On Monday, researchers from Microsoft introduced Kosmos-1, a multimodal AI model that can reportedly analyze images for content, solve visual puzzles, perform visual text recognition, pass visual IQ tests, and understand natural language instructions. The researchers believe multimodal AI—which integrates different modes of input such as text, audio, images, and video—is a key step to building artificial general intelligence (AGI) that can perform general tasks at the level of a human.
“Being a basic part of intelligence, multimodal perception is a necessity to achieve artificial general intelligence, in terms of knowledge acquisition and grounding to the real world,” the researchers write in their academic paper, “Language Is Not All You Need: Aligning Perception with Language Models.”
Visual examples from the Kosmos-1 paper show the model analyzing images and answering questions about them, reading text from an image, writing captions for images, and taking a visual IQ test with 22–26 percent accuracy (more on that below).
While media buzz with news about large language models (LLM), some AI experts point to multimodal AI as a potential path toward general artificial intelligence, a hypothetical technology that will ostensibly be able to replace humans at any intellectual task (and any intellectual job).
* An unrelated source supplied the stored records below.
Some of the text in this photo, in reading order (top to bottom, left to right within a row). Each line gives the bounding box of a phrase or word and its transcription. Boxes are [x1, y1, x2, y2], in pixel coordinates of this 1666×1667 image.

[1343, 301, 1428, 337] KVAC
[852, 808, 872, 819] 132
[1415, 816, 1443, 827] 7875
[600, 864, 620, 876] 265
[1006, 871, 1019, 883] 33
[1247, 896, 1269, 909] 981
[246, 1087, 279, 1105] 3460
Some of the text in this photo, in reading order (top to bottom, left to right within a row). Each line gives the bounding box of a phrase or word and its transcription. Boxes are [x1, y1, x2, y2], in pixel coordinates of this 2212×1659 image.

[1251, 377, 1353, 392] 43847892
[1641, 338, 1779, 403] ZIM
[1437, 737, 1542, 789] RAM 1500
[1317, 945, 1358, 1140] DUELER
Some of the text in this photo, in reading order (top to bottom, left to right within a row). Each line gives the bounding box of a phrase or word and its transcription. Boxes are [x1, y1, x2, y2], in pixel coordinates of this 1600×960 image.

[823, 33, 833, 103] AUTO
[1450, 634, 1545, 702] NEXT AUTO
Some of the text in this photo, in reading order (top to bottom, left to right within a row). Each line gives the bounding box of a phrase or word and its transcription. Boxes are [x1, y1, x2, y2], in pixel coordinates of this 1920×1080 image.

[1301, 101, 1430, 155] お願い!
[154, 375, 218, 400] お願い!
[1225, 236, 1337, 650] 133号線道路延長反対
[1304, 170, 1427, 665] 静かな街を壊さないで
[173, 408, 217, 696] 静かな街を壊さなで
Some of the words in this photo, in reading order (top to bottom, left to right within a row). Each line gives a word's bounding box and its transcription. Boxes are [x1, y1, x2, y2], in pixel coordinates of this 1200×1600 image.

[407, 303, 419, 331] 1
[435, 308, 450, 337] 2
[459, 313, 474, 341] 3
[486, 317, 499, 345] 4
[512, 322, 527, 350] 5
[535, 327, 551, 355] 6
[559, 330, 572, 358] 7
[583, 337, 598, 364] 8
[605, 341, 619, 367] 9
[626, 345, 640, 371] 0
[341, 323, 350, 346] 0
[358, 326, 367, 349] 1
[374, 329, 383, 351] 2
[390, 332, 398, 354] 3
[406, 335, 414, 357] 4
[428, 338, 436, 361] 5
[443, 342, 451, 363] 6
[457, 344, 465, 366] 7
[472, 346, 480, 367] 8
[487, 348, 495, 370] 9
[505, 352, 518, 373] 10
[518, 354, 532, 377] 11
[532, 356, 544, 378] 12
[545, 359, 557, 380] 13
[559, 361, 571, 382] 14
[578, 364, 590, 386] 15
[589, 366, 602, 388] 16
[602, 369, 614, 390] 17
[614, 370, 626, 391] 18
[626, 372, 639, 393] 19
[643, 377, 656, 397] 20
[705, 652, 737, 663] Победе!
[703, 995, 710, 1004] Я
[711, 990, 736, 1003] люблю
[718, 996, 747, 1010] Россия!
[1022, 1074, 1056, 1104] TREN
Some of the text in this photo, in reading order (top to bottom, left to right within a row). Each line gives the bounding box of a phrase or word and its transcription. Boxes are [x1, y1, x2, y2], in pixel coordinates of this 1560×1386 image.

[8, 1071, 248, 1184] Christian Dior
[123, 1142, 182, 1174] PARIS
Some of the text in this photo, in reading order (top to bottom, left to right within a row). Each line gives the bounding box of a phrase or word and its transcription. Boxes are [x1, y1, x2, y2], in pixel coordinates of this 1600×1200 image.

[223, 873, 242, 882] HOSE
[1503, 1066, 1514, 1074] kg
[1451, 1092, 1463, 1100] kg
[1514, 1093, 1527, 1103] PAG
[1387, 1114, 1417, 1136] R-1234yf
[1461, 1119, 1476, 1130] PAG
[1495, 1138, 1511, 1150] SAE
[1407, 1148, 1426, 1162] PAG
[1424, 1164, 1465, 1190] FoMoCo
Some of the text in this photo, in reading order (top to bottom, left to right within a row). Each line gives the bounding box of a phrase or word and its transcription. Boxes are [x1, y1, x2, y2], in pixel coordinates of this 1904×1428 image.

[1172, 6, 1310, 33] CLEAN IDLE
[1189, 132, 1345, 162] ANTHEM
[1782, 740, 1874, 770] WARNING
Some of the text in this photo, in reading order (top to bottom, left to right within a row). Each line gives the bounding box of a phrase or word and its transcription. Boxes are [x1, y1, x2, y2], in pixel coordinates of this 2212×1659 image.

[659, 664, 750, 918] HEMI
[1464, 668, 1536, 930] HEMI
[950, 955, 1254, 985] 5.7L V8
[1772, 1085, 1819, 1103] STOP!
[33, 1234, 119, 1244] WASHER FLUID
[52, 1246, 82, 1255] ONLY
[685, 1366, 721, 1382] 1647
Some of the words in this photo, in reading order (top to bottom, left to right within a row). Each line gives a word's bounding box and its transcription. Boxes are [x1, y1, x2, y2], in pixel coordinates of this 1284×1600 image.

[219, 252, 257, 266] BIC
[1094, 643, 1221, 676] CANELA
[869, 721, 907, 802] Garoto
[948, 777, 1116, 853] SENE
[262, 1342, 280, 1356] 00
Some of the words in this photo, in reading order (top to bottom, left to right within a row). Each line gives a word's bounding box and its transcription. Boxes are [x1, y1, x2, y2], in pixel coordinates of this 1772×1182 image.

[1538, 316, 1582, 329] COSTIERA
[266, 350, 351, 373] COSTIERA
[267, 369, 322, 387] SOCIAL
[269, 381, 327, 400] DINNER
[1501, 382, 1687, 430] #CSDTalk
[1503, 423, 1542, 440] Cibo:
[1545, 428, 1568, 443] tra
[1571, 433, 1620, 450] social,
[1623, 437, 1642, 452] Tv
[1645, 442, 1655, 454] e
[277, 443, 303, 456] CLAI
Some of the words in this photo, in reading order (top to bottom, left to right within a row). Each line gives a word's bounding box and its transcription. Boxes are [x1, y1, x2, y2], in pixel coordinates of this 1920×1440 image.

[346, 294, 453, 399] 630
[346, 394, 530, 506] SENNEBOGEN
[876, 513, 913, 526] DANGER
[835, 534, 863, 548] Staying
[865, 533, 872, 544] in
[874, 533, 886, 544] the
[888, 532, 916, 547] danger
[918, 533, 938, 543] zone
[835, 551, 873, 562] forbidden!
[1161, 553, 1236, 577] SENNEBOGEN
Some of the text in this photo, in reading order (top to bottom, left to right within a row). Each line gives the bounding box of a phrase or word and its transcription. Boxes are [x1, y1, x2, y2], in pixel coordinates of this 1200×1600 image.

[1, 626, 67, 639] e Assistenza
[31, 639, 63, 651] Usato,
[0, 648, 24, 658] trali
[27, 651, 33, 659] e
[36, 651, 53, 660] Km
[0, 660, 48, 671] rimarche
AGI is the stated goal of OpenAI, a key business partner of Microsoft in the AI space.
In this case, the AI model – Kosmos-1 appears to be a pure Microsoft project without OpenAI’s involvement. The researchers call their creation a “multimodal large language model” (MLLM) because its roots lie in natural language processing like a text-only LLM, such as ChatGPT. And it shows: For Kosmos-1 to accept image input, the researchers must first translate the image into a special series of tokens (basically text) that the LLM can understand.